Over the last couple of weeks, we have harvested our oilseed rape and winter barley, and in the last couple of days, we have begun harvesting the winter wheat, which is great.

The majority of the winter barley will be kept at the farm but some of it, along with the oilseed rape and winter barley, will be taken to our local grain store. Transporting to our local grain store is about an hour and a half round trip in a tractor with a trailer and is quite labour intensive as we need to ensure that we have enough tractors and trailers to complete the haul.

After the combine has finished in the fields we will bale the straw ready for collection as most of our straw is sold per acre. 

Alongside harvesting cereals, we have also started to pick our runner beans.  We have two beehives in the field to make sure our crops are pollinated and currently, due to the sunny weather, we are also using an irrigator to help water the runner beans.

In the coming weeks, we will have about 20 people picking the runner beans daily to ensure none are wasted.  Our runner beans will then get sold to food markets and directly to local greengrocers.

Flowering potatoes

Our potatoes have started to flower, making the fields look pretty and indicating that there is a crop under the soil. 
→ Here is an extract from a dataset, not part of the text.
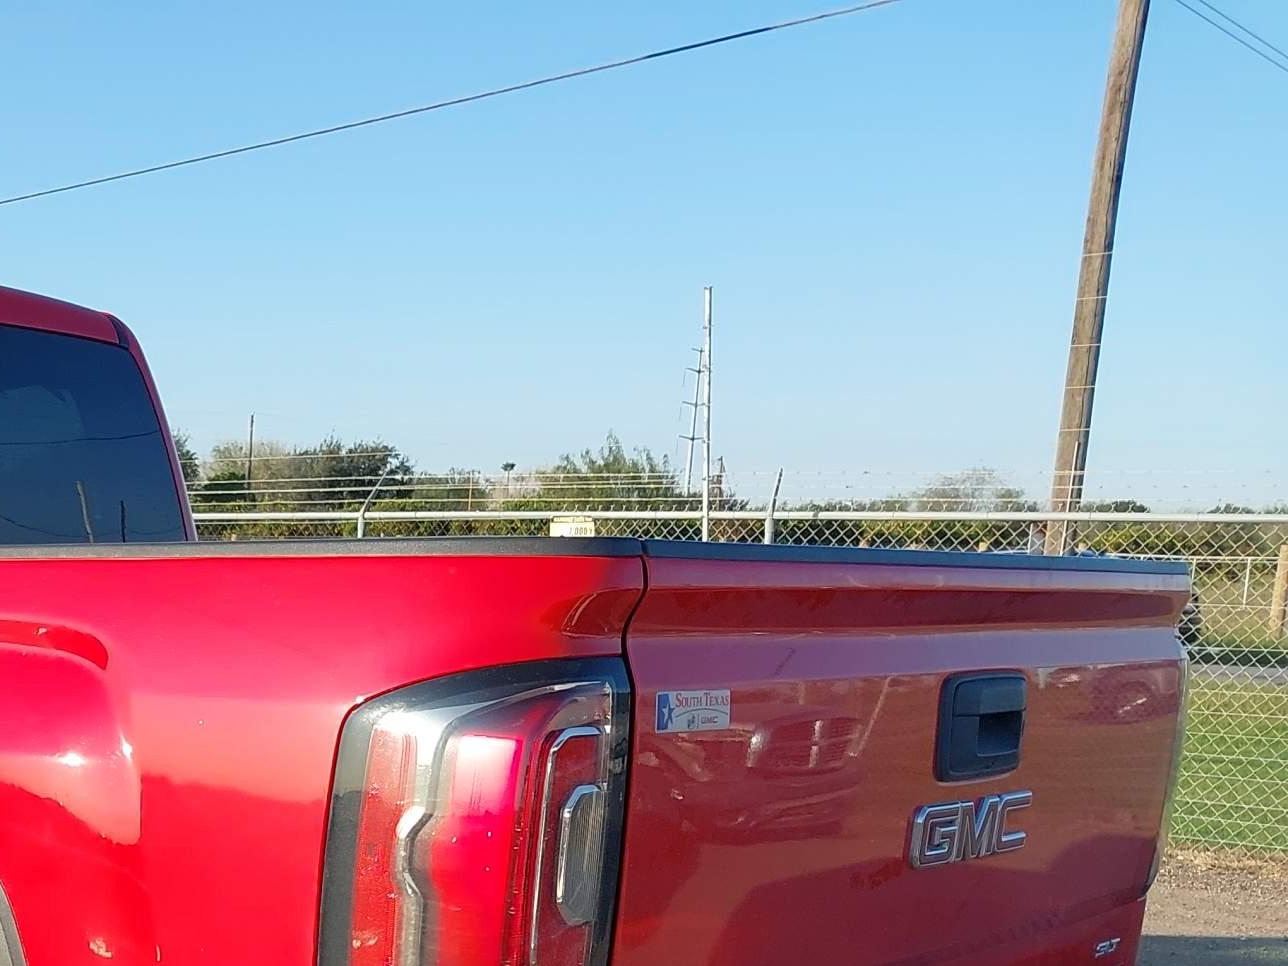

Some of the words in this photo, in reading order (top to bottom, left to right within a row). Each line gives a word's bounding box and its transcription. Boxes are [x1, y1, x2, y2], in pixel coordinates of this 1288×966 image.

[675, 693, 702, 708] SOUTH
[704, 692, 730, 706] TEXAS
[911, 790, 1033, 869] GMC
To make sure our potatoes are growing healthily we have been spraying them weekly for blight and have recently dug, by hand, our first crop sample of potatoes - they are looking great!
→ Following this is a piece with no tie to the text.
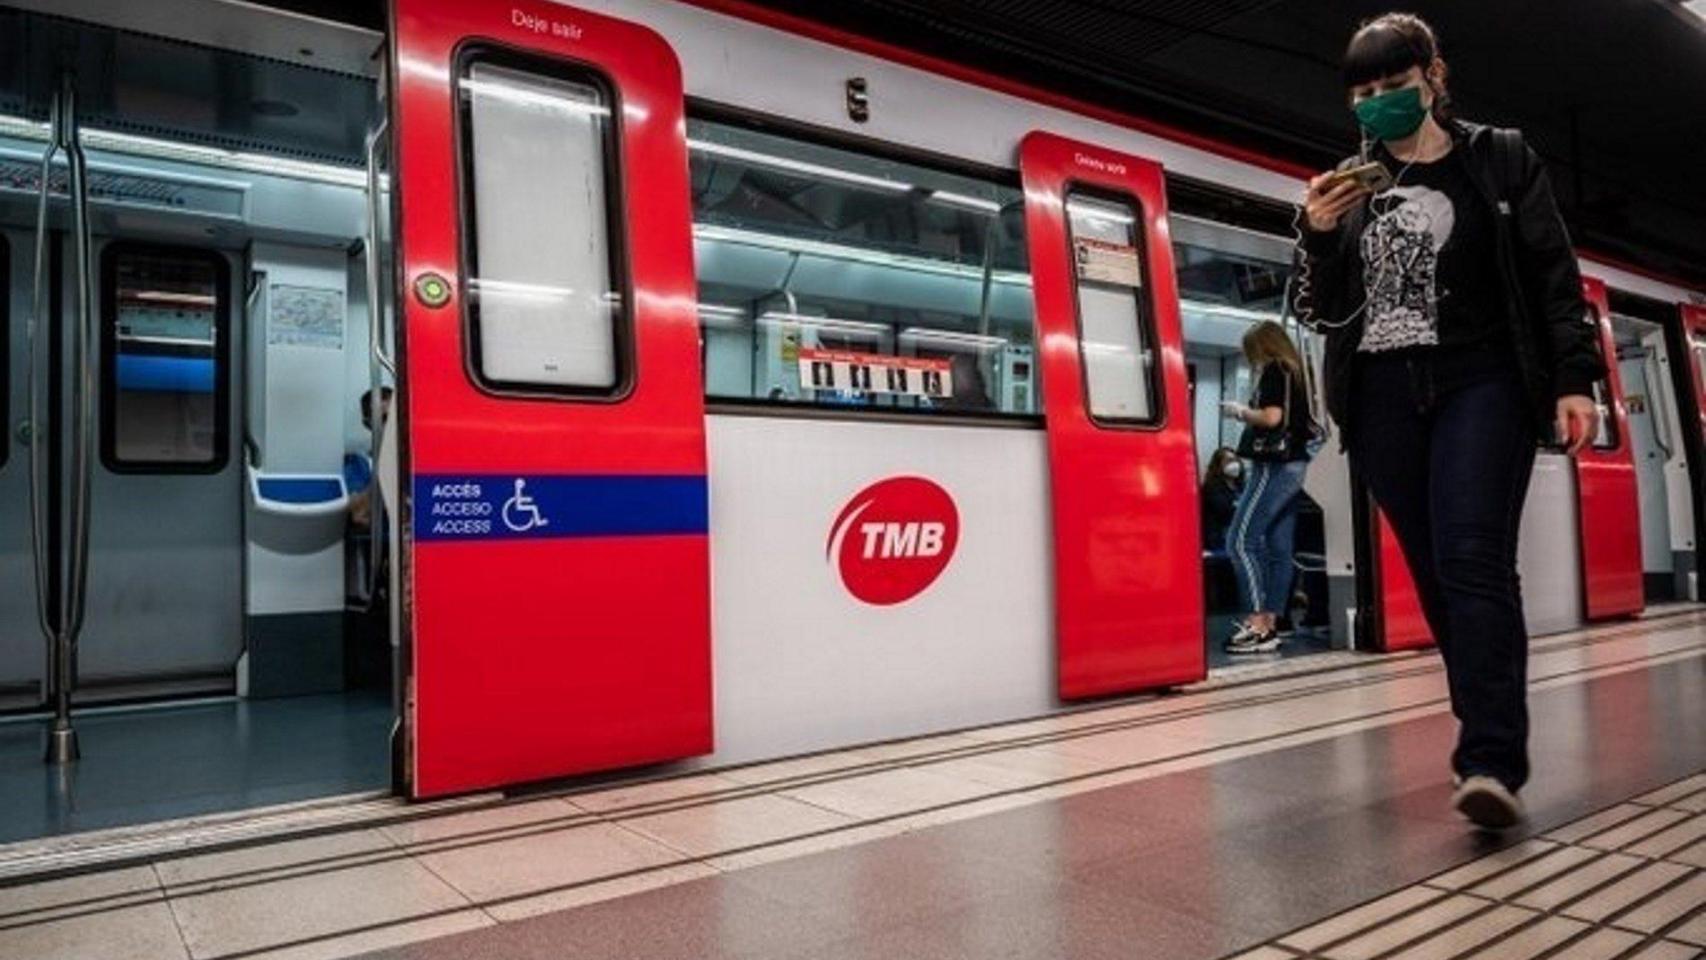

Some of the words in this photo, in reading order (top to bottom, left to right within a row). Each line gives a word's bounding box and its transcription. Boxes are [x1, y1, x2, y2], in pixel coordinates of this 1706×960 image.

[511, 9, 548, 33] Deje
[432, 502, 492, 516] ACCESO
[432, 519, 491, 534] ACCESS
[861, 521, 945, 559] TMB
Currently, our potatoes are ‘new potatoes’, which I think are the best – there is nothing better than a new potato salad.  However, we don’t sell our potatoes at this stage as they are maincrop varieties but once our potatoes reach a size that we are happy with, we will spray them to stop them from growing any bigger.  The potatoes will then set their skin to protect themselves, ready for us to gather and store.

What next?

As soon as we have completed our final harvest we will focus on moving our rams in with the ewes so that we are ready for lambing in February 2021. 

Life down on the farm is consistently busy and we have to plan ahead.  After each season we will review how we can: become more efficient, take advantage of new technology, diversify, and prepare for the changing seasons. There will, of course, be things, such as the weather (and a global pandemic!), that we can’t predict but the more knowledge we have of all the different factors that may affect our business, the greater prepared we can be.